The girls, emotionally and financially dependent on their loverboys, find themselves locked into a cycle of abuse, sometimes made to work in windows in official red-light districts or being handed from flat to flat in several cities.

Amanda de Wind, who manages a project that runs the Netherlands’ only anonymous shelter specifically for escaped victims of loverboys, said: “I think this kind of thing is happening in every country, such as England, Germany, Russia, and accounts for 99% of the prostitution of young girls.”

In most of the cases she saw the girls had mental health problems; many had previously been victims of sexual abuse. “A loverboy can easily spot and target someone who has been raped,” she said.

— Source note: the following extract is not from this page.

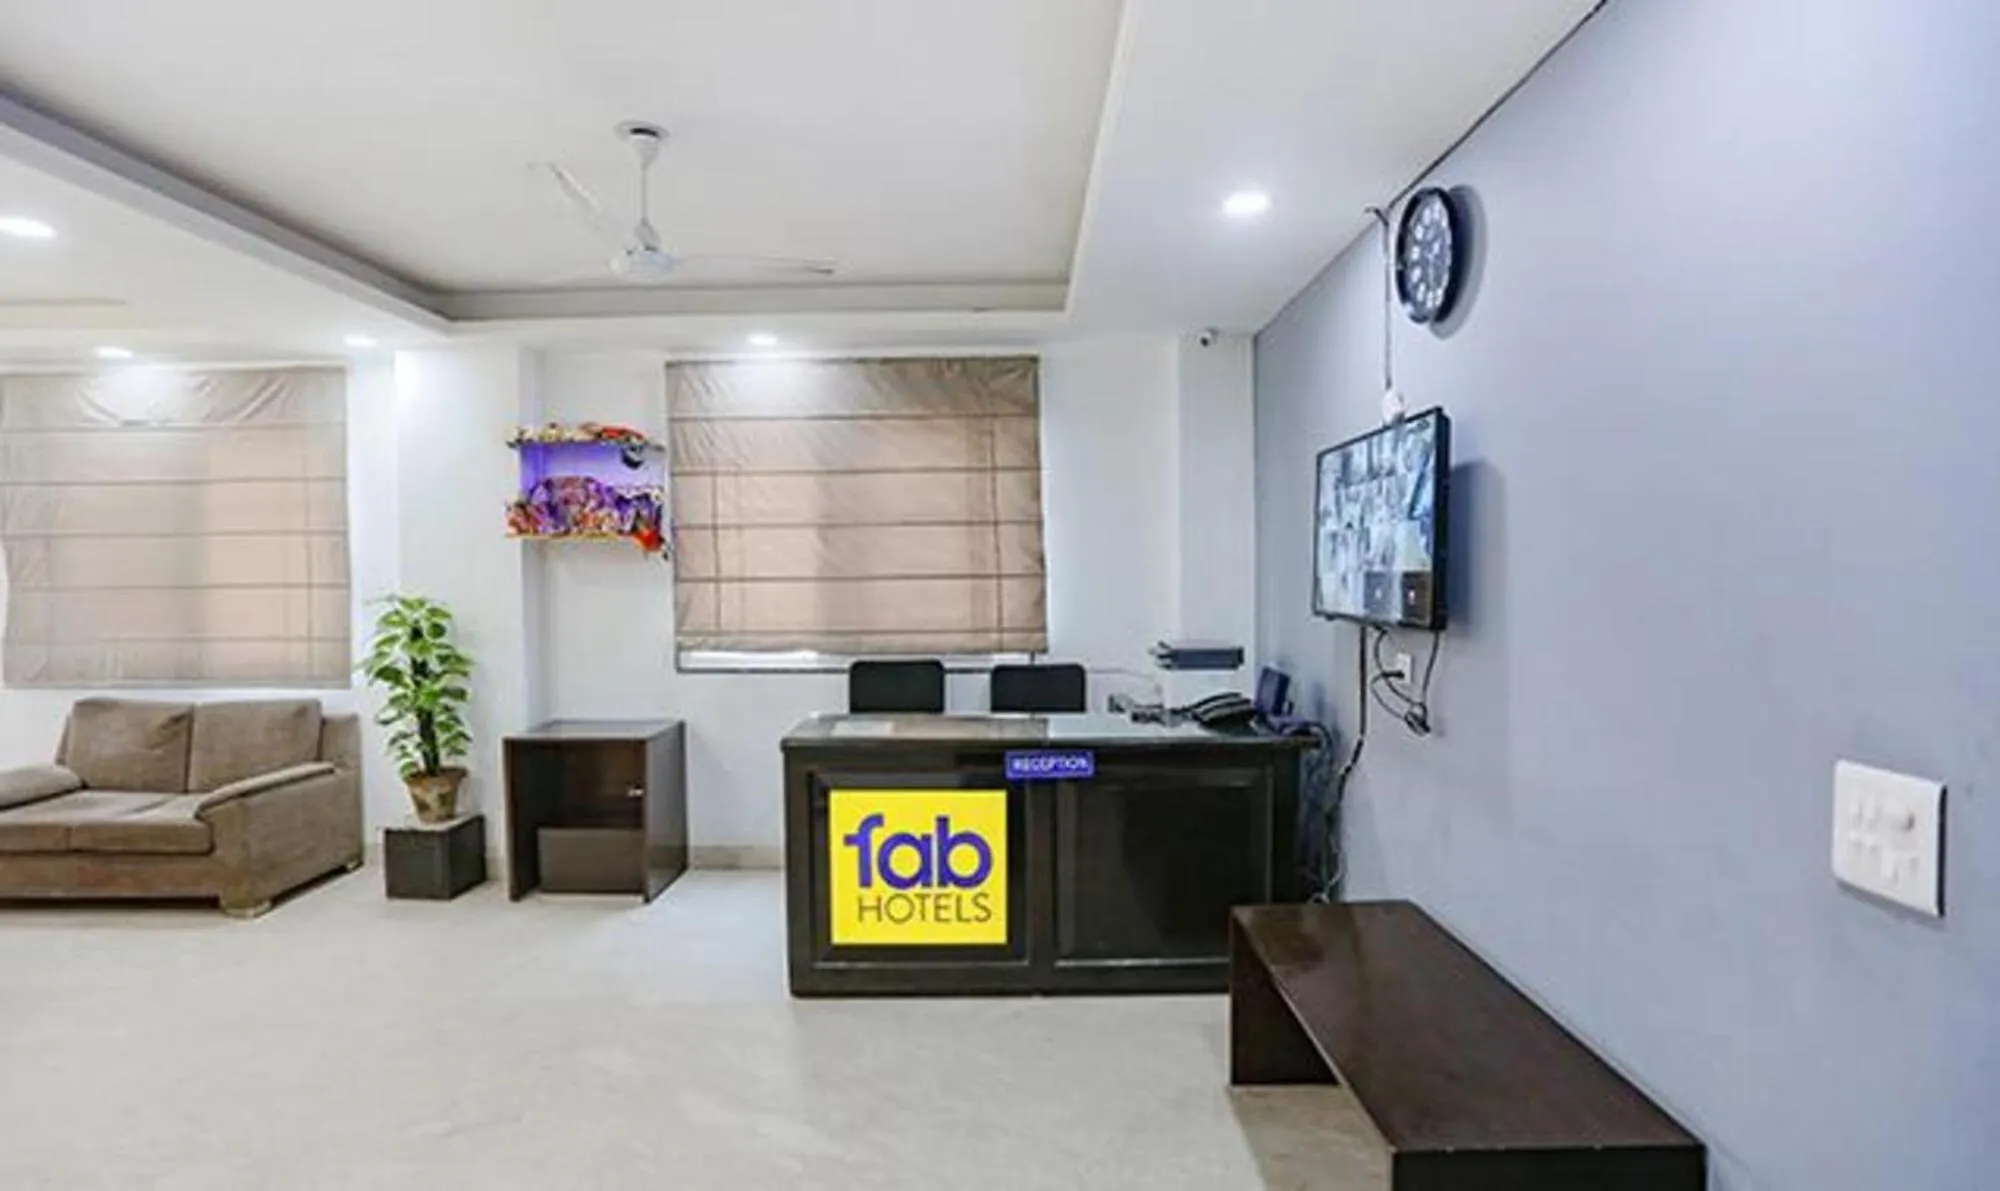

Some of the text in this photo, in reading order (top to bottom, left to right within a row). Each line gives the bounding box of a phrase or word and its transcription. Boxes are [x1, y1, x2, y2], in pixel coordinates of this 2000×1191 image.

[1012, 756, 1088, 772] RECEPTION
[843, 813, 993, 890] fab
[857, 892, 993, 924] HOTELS

Often a loverboy would take a girl with him to watch while he beat up someone else, she added. “The girls are told: ‘If you run away, I’ll go after your sister, your mother’.” Recently loverboys have branched out into drug-running and extortion, which is harder for the police to spot. “We have seen loverboys making the girls take out bank loans when they turn 18 and hand over the money, or register cars and insurance in their name,” De Wind said.
– Source: ‘Loverboys’ child prostitution scandal back in Dutch spotlightoffsite, Angelique Crisafis in Amsterdam, The Guardian, Tuesday 18 August 2009

In the year-long investigation prosecutors have thus far identified 13 victims.

The pimps were arrested between August and November last year; the brothel operators — both henchmen and actual owners — in recent weeks.

Charges will include human trafficking, rape, and assault and money laundering.

The first pimp is expected to face a judge in a few months. Other cases will take more time to prepare due to legal interaction with Hungary.

Crackdown on Crime in the Red Light District

Amsterdam’s Red Light District has come under closer scrutiny in recent years. It is one of the focus areas for Project 1012 — a large-scale approach designed to spruce up downtown Amsterdam.